FIGURE 3. Genetic control of LPS response in different B cell subpopulations from spleen and peritoneal cavity and the role of RP105.

Splenic or peritoneal cavity B cells from F1(B6xBc) were cultivated under limiting dilution conditions in the presence of LPS, 30μg/mL, using S17 stroma cell line as feeder cells.
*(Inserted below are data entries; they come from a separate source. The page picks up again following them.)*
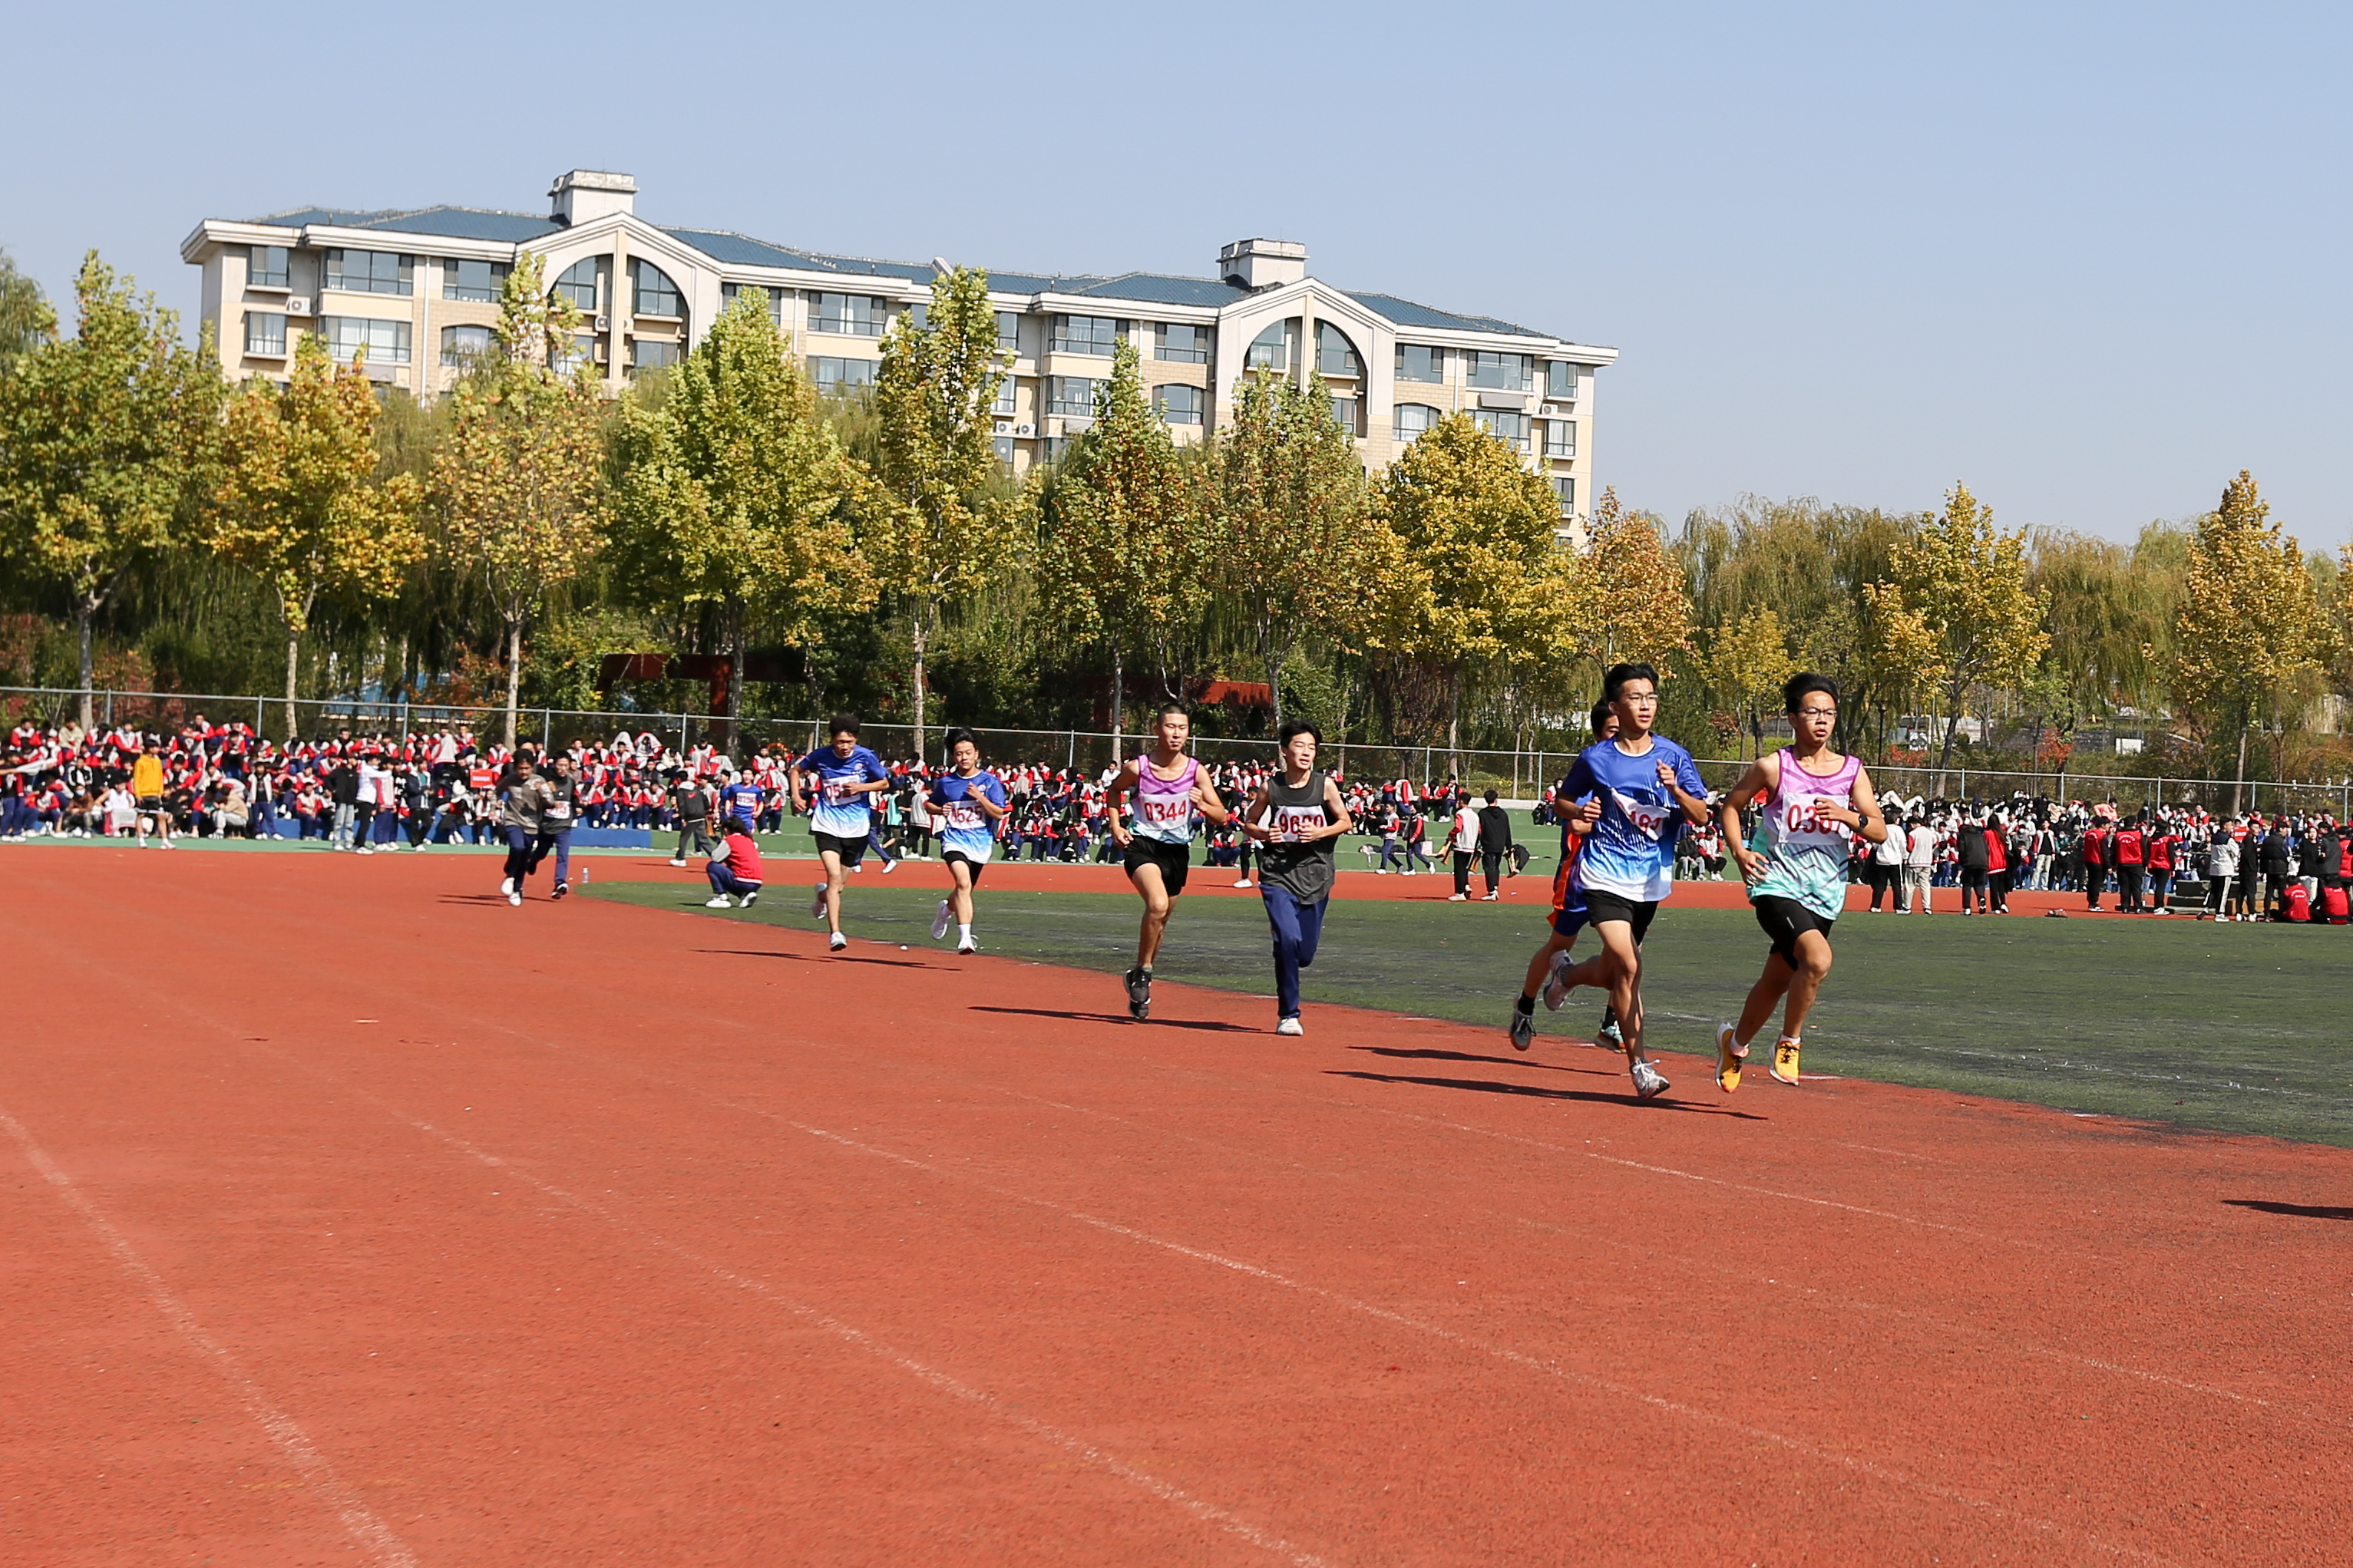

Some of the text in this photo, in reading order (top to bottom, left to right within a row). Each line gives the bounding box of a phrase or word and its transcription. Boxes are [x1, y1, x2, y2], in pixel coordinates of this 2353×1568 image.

[825, 784, 851, 800] 05
[951, 806, 983, 823] 0525
[1145, 800, 1187, 822] 0344
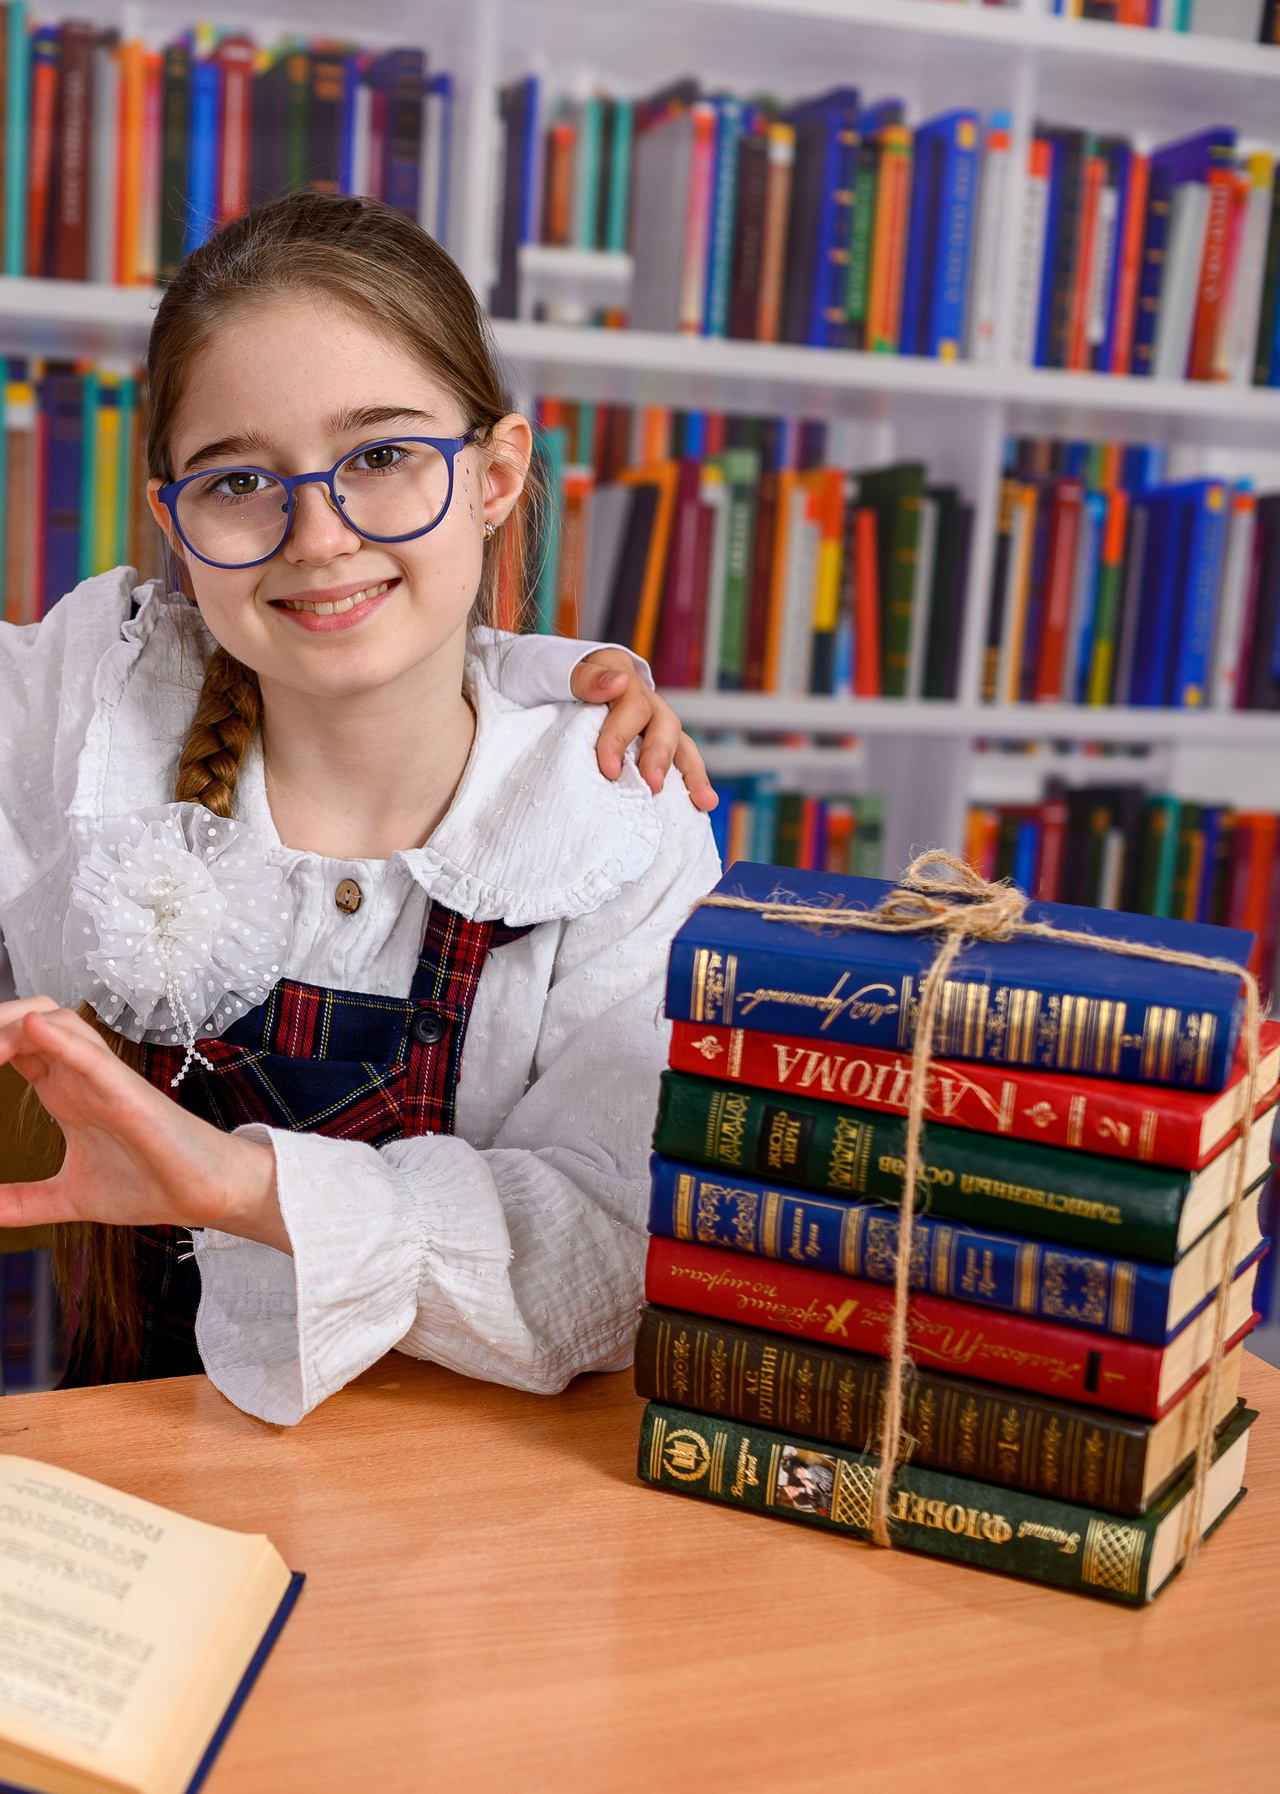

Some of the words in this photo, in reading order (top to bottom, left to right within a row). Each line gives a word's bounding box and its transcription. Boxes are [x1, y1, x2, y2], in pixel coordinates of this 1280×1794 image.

[768, 1111, 788, 1169] ЖЮЛЬ
[783, 1120, 802, 1164] ВЕРН
[1095, 1116, 1131, 1147] 2
[878, 1155, 955, 1186] ОСОВ
[736, 1293, 860, 1338] Хождение
[978, 1340, 1081, 1384] Алексей
[889, 1491, 1013, 1544] ФЛОБЕР
[1016, 1520, 1081, 1555] Гюстав
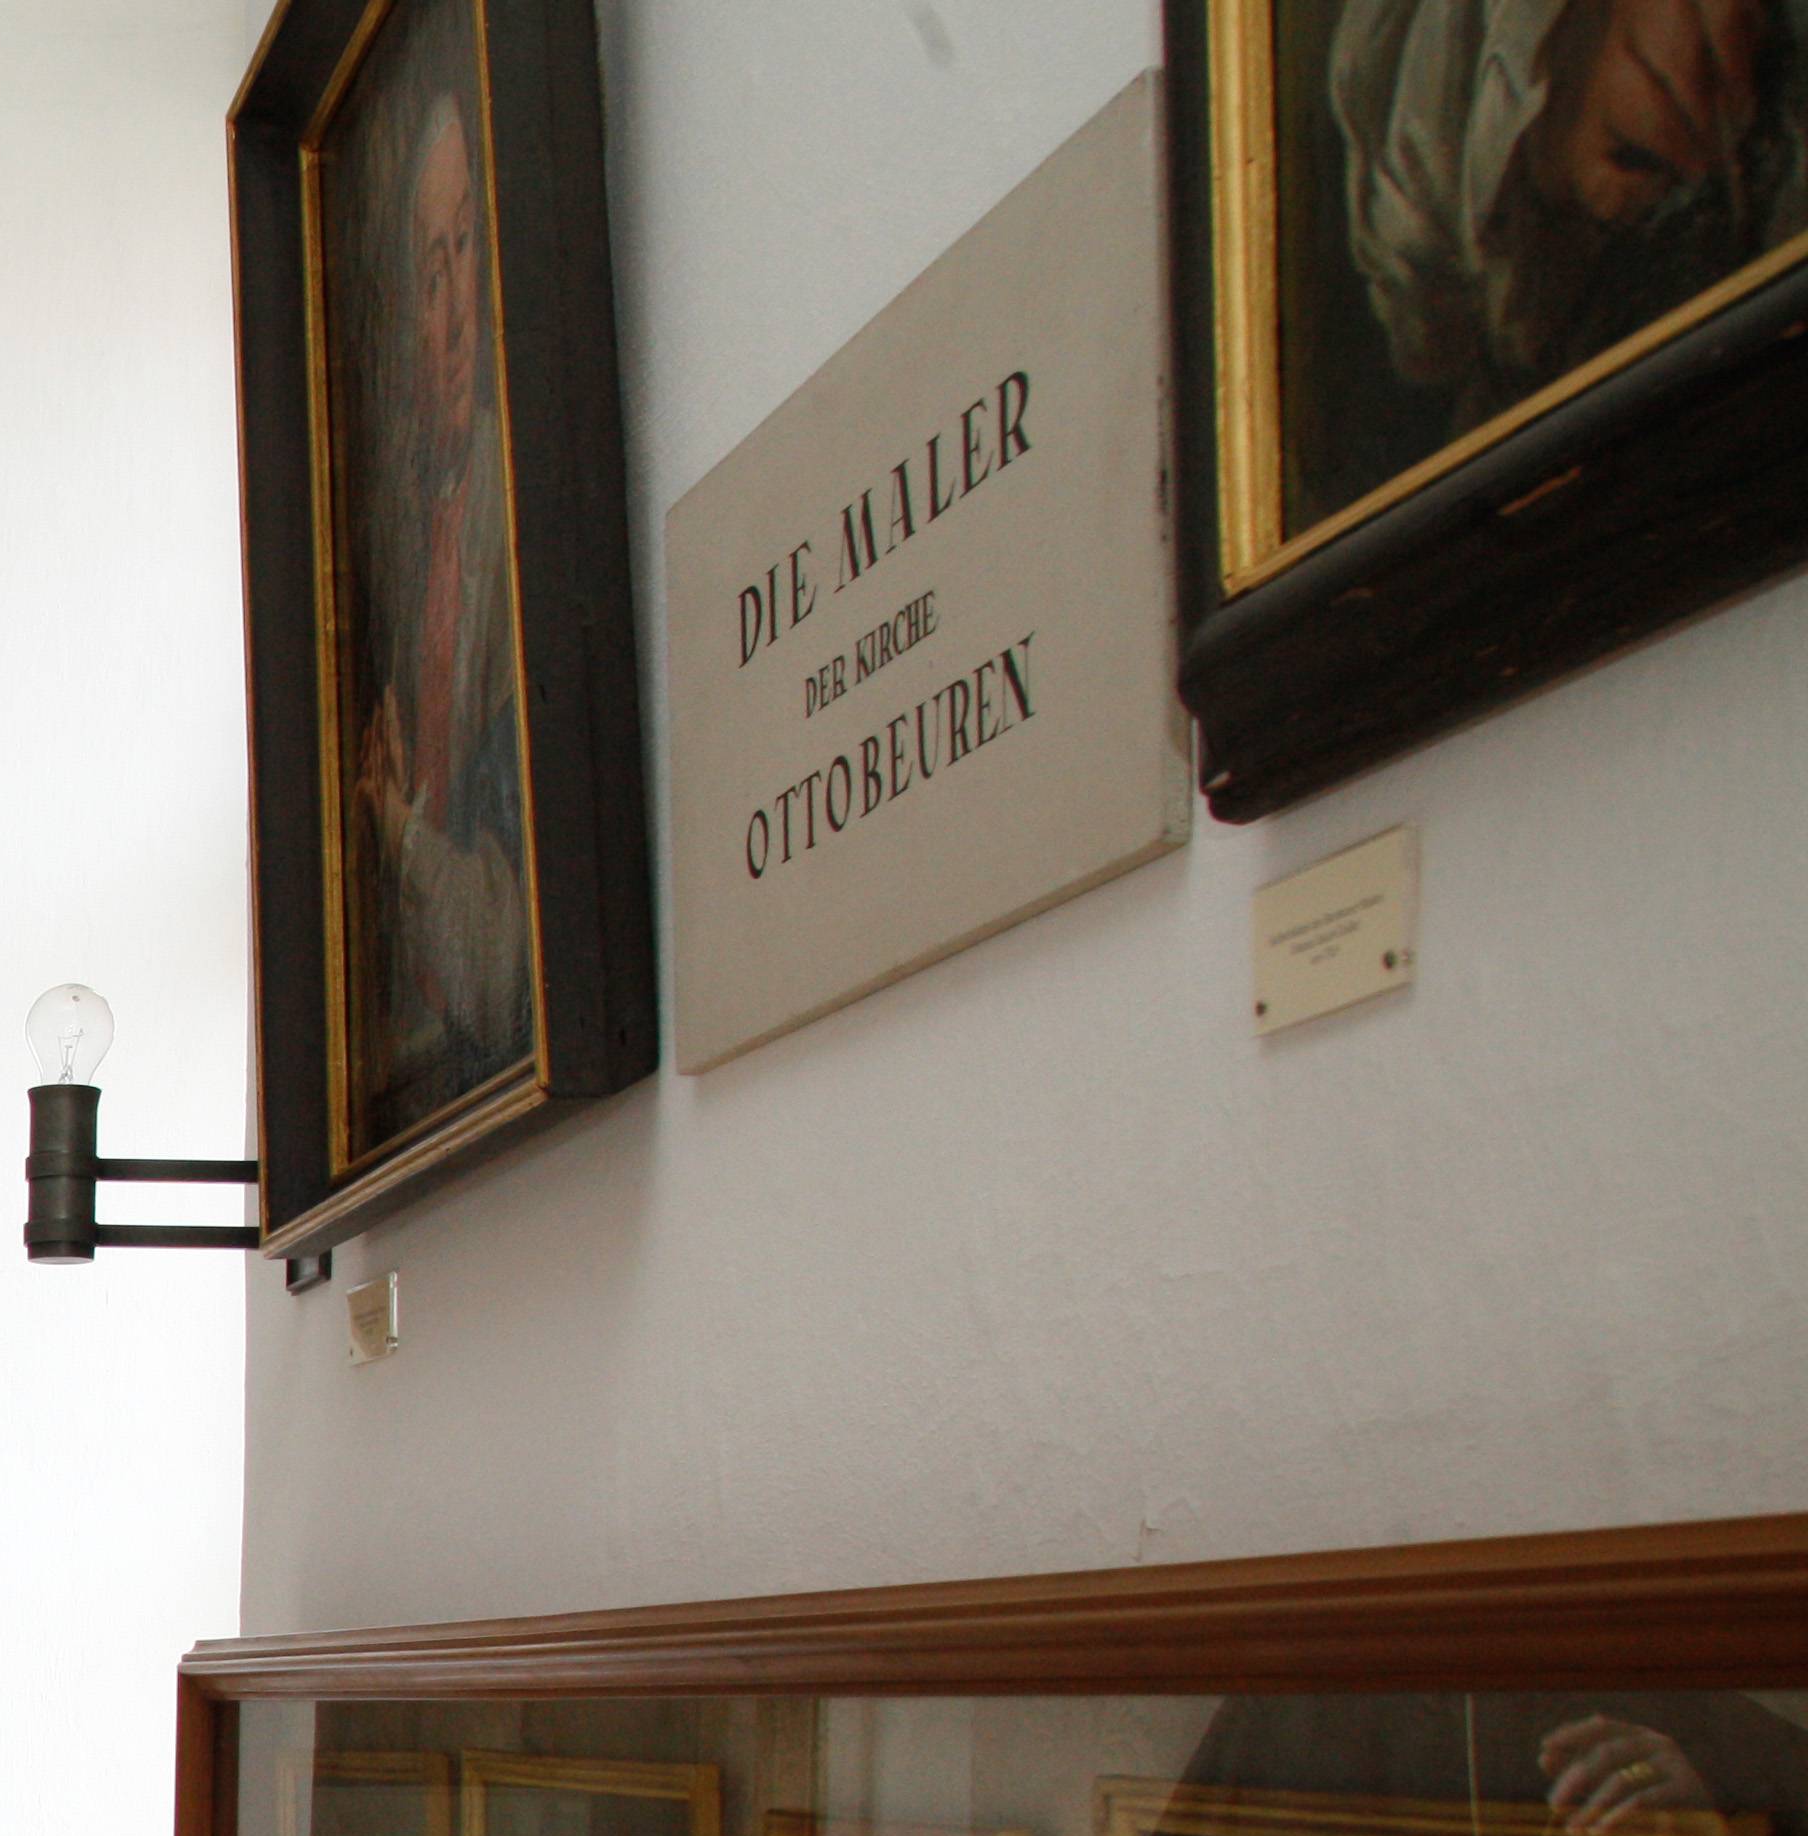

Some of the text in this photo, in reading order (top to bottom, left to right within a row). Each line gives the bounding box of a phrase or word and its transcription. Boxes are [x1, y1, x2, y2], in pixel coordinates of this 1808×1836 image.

[737, 370, 1032, 669] DIE MALER
[746, 631, 1037, 880] OTTOBEUREN
[805, 589, 940, 720] DER KIRCHE
The percentage of negative cultures is plotted against the B cell number/well, and frequencies of responding cells were calculated according to Poisson’s distribution. (A) FO and MZ B cells from BALB/cJ; (B) FO and MZ B cells from F1; and (C) B1a, B1b and B2 peritoneal cavity B cells from BALB/cJ. In (D), FO B cells from F1 mice were sorted according to the expression of RP105, as RP105^low and RP105^high, and then evaluated for their clonal response to LPS. Expression levels of RP105 in the different B cell subpopulations was measured by flow-cytometry. (E) Acomparison of RP105 expression in FO, MZ and B1 from BALB/cJ. (F) A comparison of RP105 expression in FO from BALB/c, C57BL/6J and F1 mice. (G) A comparison of RP105 expression in B1 from BALB/c, C57BL/6J and F1 mice. The shaded histograms indicate the background staining with control antibody isotype.